Data shown:
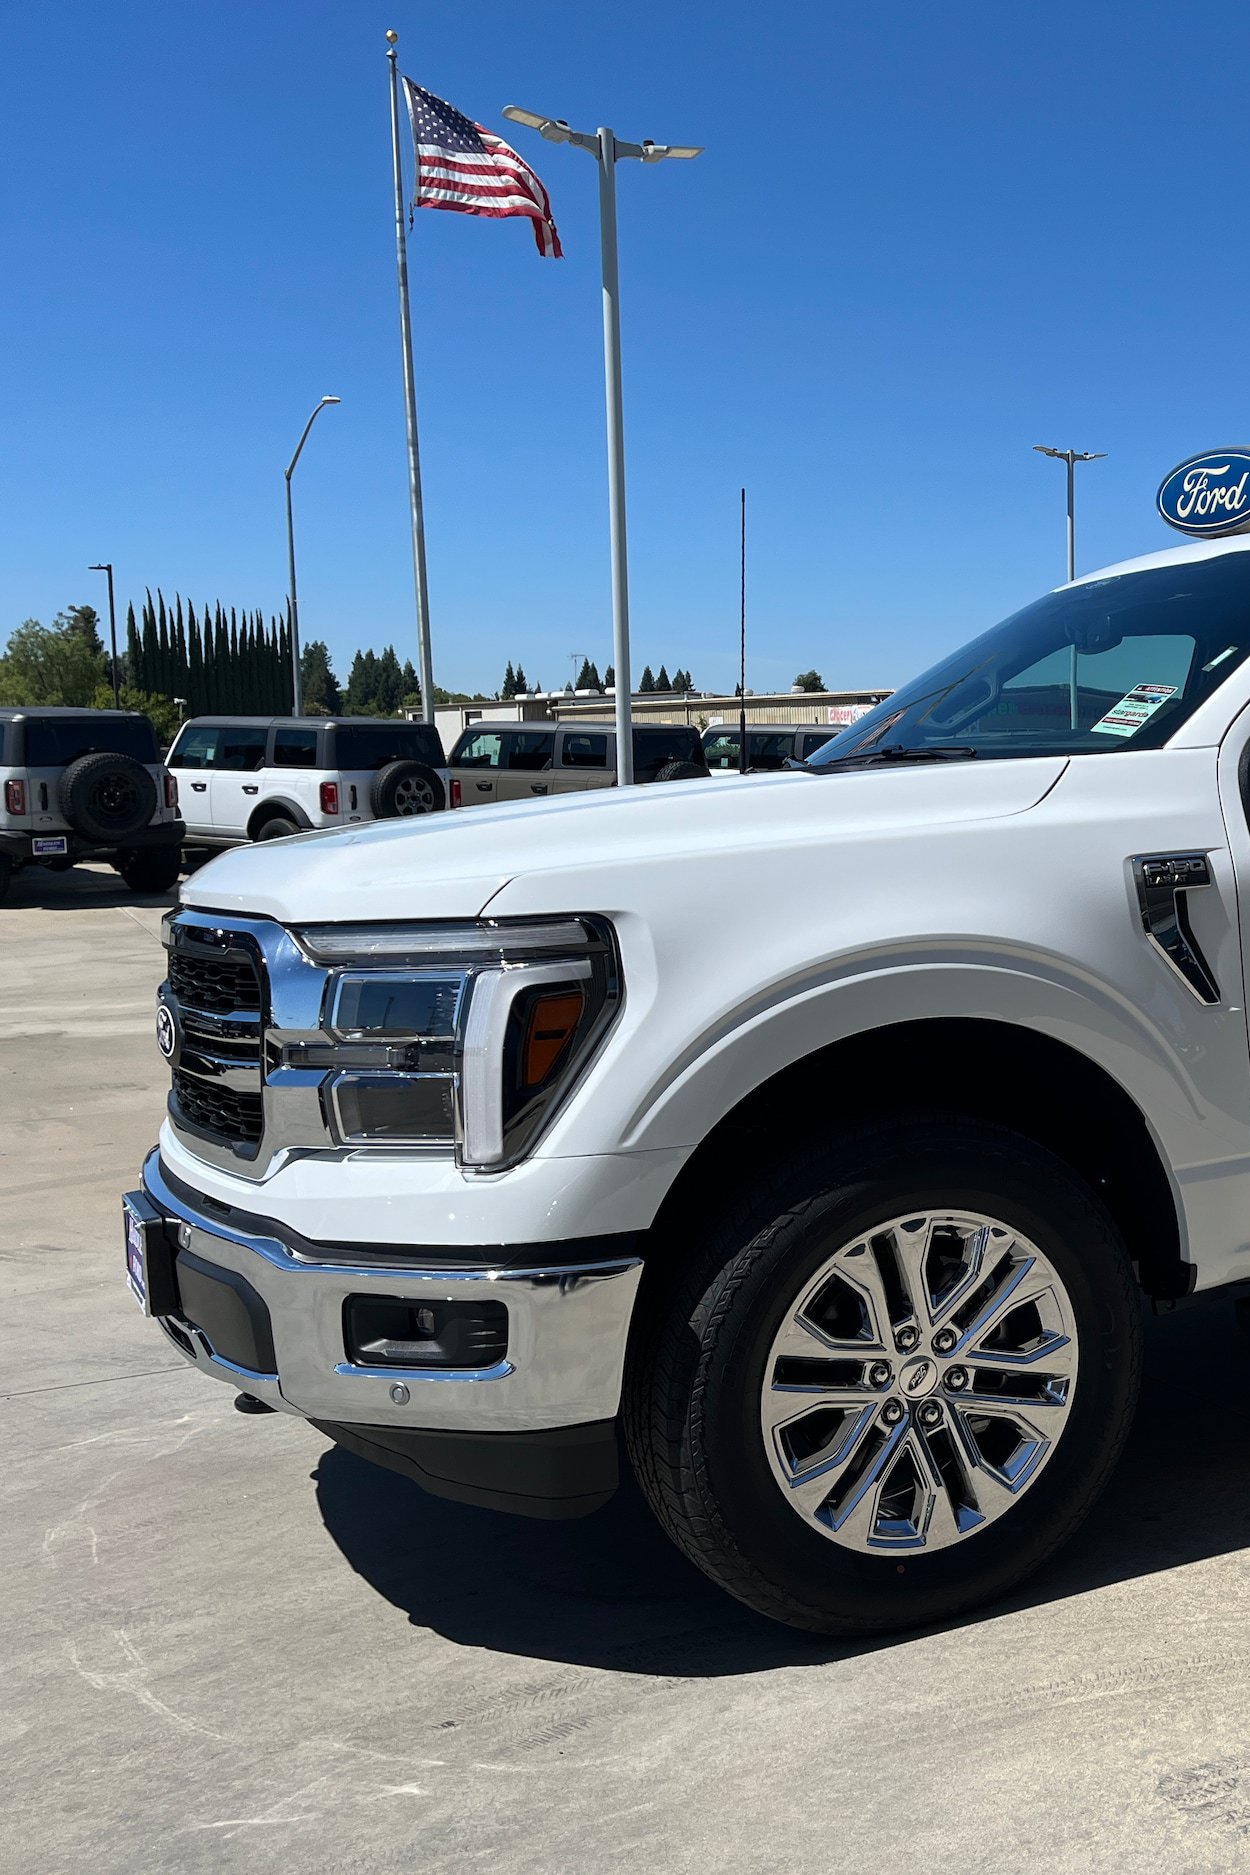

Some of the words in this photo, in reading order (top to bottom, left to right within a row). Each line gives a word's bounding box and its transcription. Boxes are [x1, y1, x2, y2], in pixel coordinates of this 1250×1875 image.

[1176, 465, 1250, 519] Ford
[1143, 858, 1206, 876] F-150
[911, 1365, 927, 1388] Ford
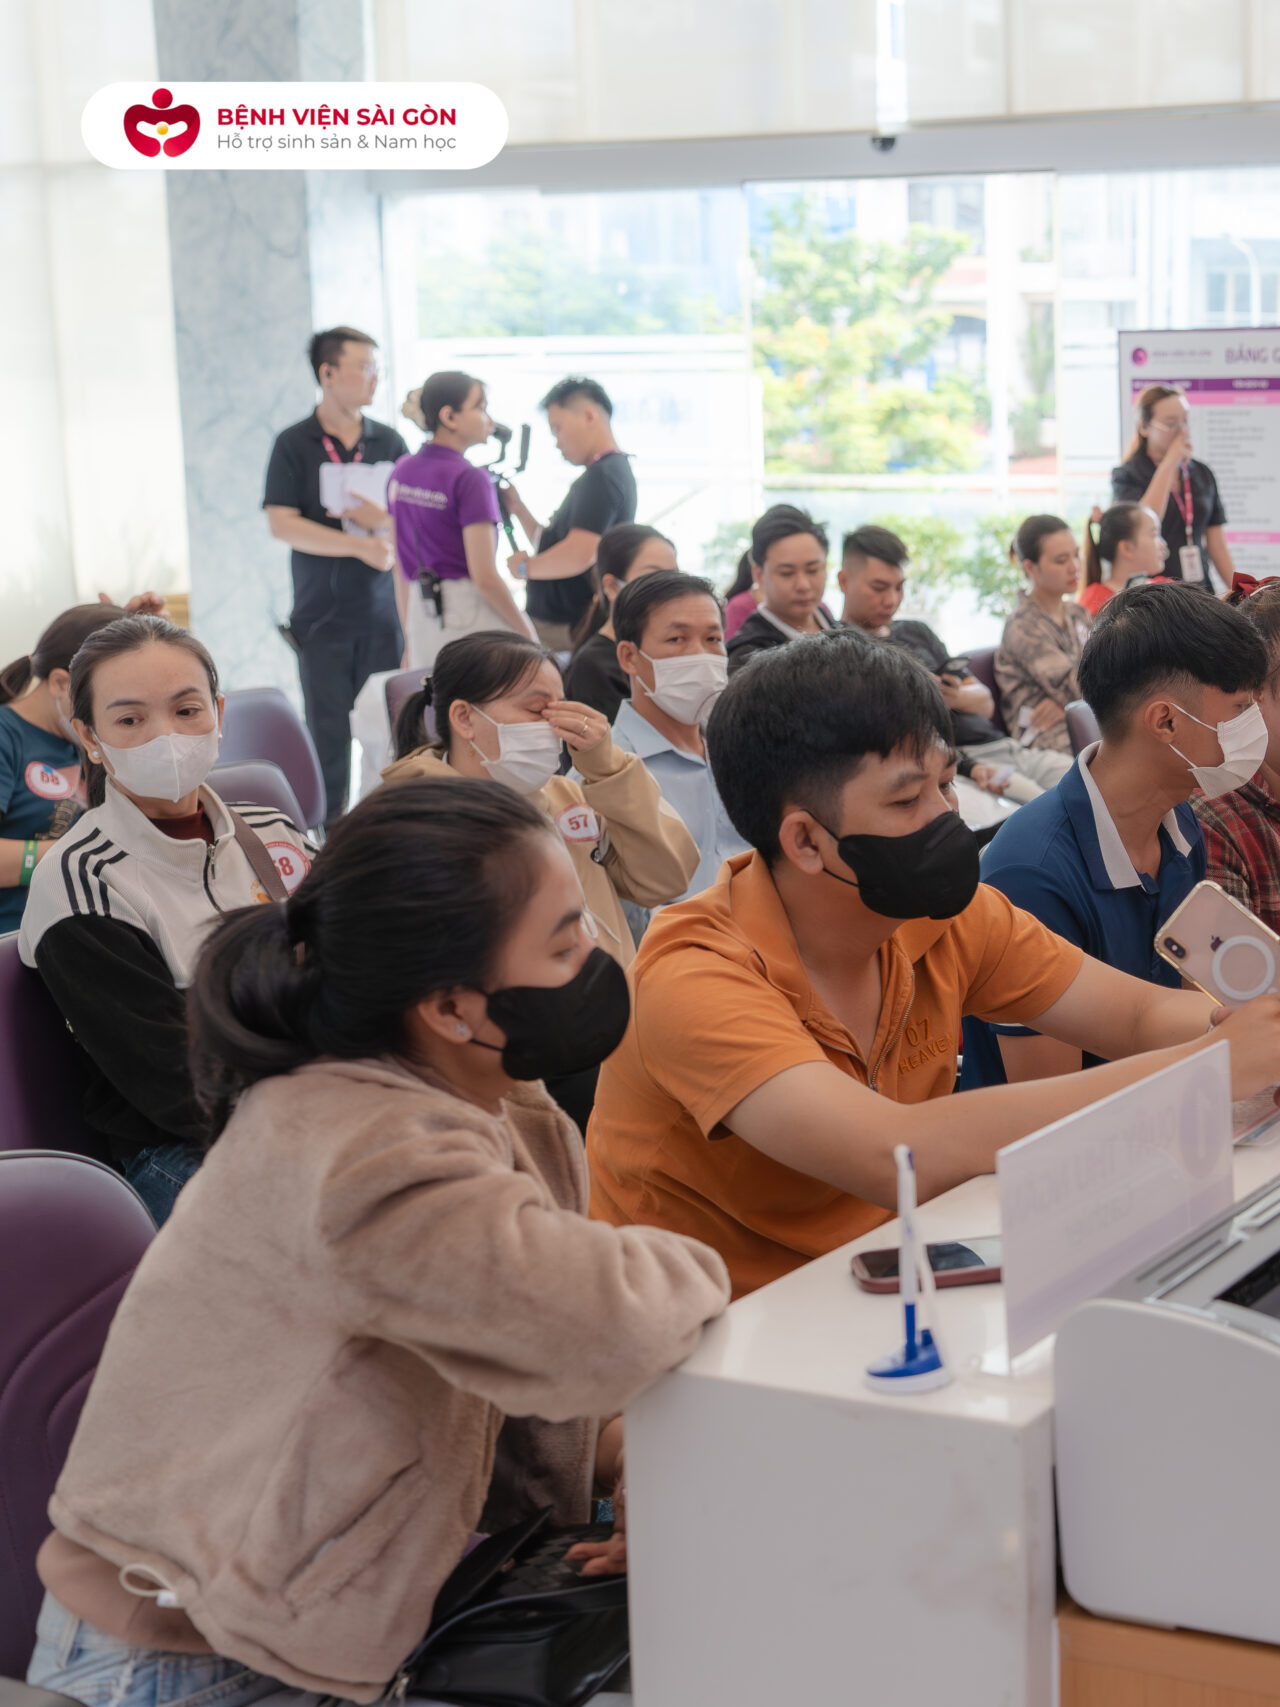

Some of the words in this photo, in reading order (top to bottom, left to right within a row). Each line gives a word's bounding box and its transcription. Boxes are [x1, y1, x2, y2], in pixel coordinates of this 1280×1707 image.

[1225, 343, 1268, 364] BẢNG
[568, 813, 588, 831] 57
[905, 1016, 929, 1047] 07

What the task requires: Pictures are to be left out; the listing above is otherwise to be copied exactly.

Written response:
Some of the words in this photo, in reading order (top to bottom, left to right within a row). Each line gives a word's bounding box and its transcription. Boxes are [x1, y1, x2, y2], in pixel coordinates of this 1250×1875 image.

[1176, 465, 1250, 519] Ford
[1143, 858, 1206, 876] F-150
[911, 1365, 927, 1388] Ford

Some of the words in this photo, in reading order (top to bottom, left to right within a row). Each line gives a word's bounding box and its transcription. Boxes are [x1, y1, x2, y2], in pixel coordinates of this 1280×1707 image.

[1225, 343, 1268, 364] BẢNG
[568, 813, 588, 831] 57
[905, 1016, 929, 1047] 07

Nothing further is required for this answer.